Telecoms Plan Attack on Net Neutrality
Net neutrality, a guiding principle for preserving a free and fair Internet, means that Internet service providers are not allowed to discriminate based on content for its customers. However, telecommunications firms — like AT&T, Verizon, Comcast and others — are firmly against net neutrality because they would like to increase their profits by deciding which websites customers can see, and at what speed. The telecom industry has dumped hundreds of millions of dollars into a lobby campaign against net neutrality. As the FCC now takes up net neutrality rule making, the industry is pushing an “outside approach” of hiring front groups and astroturf operatives.
This morning, representatives from various front groups launched a new coordinated campaign to kill net neutrality. Speaking on Capitol Hill, these front groups took turns decrying the evils of the principle of a fair and unbiased Internet. Americans for Prosperity — a corporate front group founded by oil billionaire David Koch but also funded by telecom interests — unveiled a new ad smearing net neutrality as a “government takeover” (the initial ad buy is $1.4 million dollars). And Grover Norquist, representing his “Americans for Tax Reform” corporate front group, said net neutrality is like what China does, “putting policemen on every corner, on the street or on the Internet.”
ThinkProgress has obtained a PowerPoint document which reveals how the telecom industry is orchestrating the latest campaign against Net Neutrality.
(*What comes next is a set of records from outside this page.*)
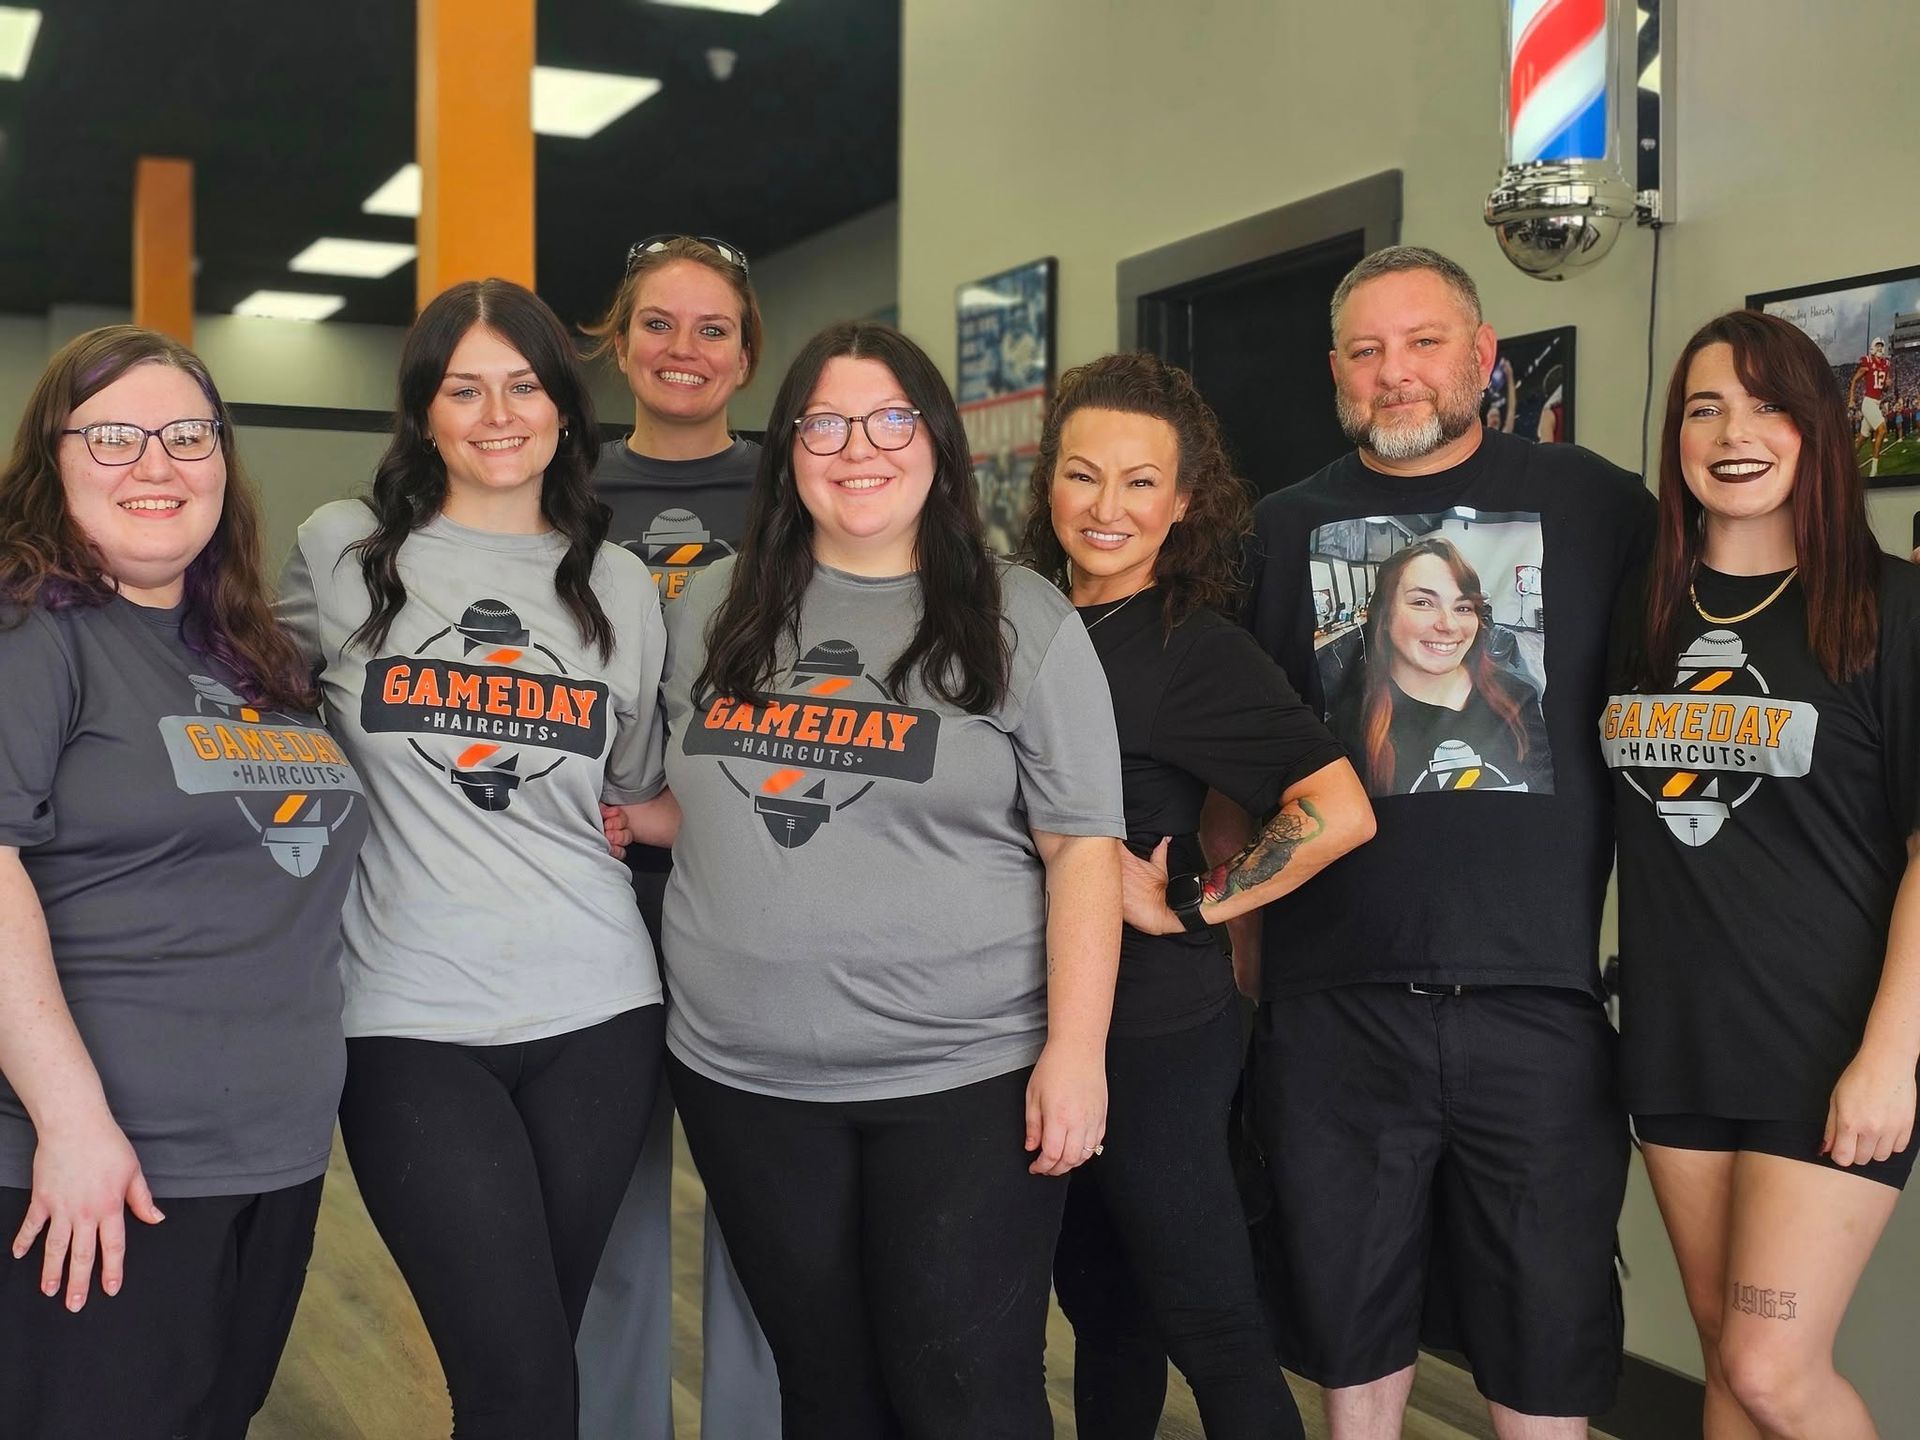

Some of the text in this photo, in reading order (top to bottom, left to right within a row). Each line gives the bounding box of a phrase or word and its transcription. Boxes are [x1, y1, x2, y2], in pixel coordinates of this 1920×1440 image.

[1873, 370, 1886, 389] 12
[382, 664, 598, 729] GAMEDAY
[703, 696, 918, 752] GAMEDAY
[1604, 702, 1793, 749] GAMEDAY
[1732, 1281, 1797, 1321] 1965
Authored by representatives from the Atlas Network — a shell think tank used to coordinate corporate front group efforts worldwide — the document lays out the following strategy:
– Slides 7-8 calls for the campaign to target “libertarian minded internet users and video gamers” and “social conservative activists” with anti-government messages and a rebranding of net neutrality as “Net Brutality.”
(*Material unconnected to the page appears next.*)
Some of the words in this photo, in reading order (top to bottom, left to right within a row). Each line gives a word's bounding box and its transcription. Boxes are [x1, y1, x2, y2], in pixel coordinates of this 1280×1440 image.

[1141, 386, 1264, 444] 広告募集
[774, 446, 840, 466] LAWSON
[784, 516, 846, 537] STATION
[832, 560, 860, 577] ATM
– Slide 9 calls for a strategy of creating a Chinese blog to compare net neutrality to Chinese government censorship, outreach via social networking platforms like Twitter and Facebook.
– Slides 10-11 detail how representatives met at Grover Norquist’s infamous “Wednesday morning meeting” to orchestrate the new campaign. Norquist is known to use his Wednesday meetings to plot strategy and conservative coalition building towards lobbying goals.
The PowerPoint was created on April 14th, shortly before the campaign website officially launched. The “Net Brutality” website relies heavily on Americans for Prosperity sources, as well as a website called NetCompetition.org — which is openly funded by the American Cable Association, At&T, Comcast, and the US Telecom Association.
During the Jack Abramoff investigation, Norquist was exposed for selling support from his front groups to corporations. In one damning e-mail, Norquist is promised $50,000 dollars in exchange for providing his Americans for Tax Reform support to one of Abramoff’s clients. Today, Norquist was not only parroting the PowerPoint talking points at the press conference, but he also brought in other key conservative movement leaders and Republican lawmakers to the event.
In addition to the front groups, the loudest voice against net neutrality is still Glenn Beck, who has smeared free Internet proponents as Marxists and Communists, and has adopted the attack that net neutrality constitutes a “government takeover.” However, it is important to realize that even Beck is being fed with opposition research dug up by operatives at Americans for Prosperity. This research document, compiled by Americans for Prosperity staffers, lays out point by point the attacks Beck has used in the past few weeks to disparage net neutrality supporters. If Beck picks up this new outreach to video game enthusiasts and the false comparison to Chinese censorship, then the impact of the “Net Brutality” PowerPoint will be even more apparent.
Telecom firms like AT&T and Verizon are among the most profitable in the world, yet America lags behind other countries in terms of broadband access and speed. Instead of dumping lobbying money into anti-net neutrality front groups and fear-mongering campaigns, the telecom industry should invest in improving service and accessibility.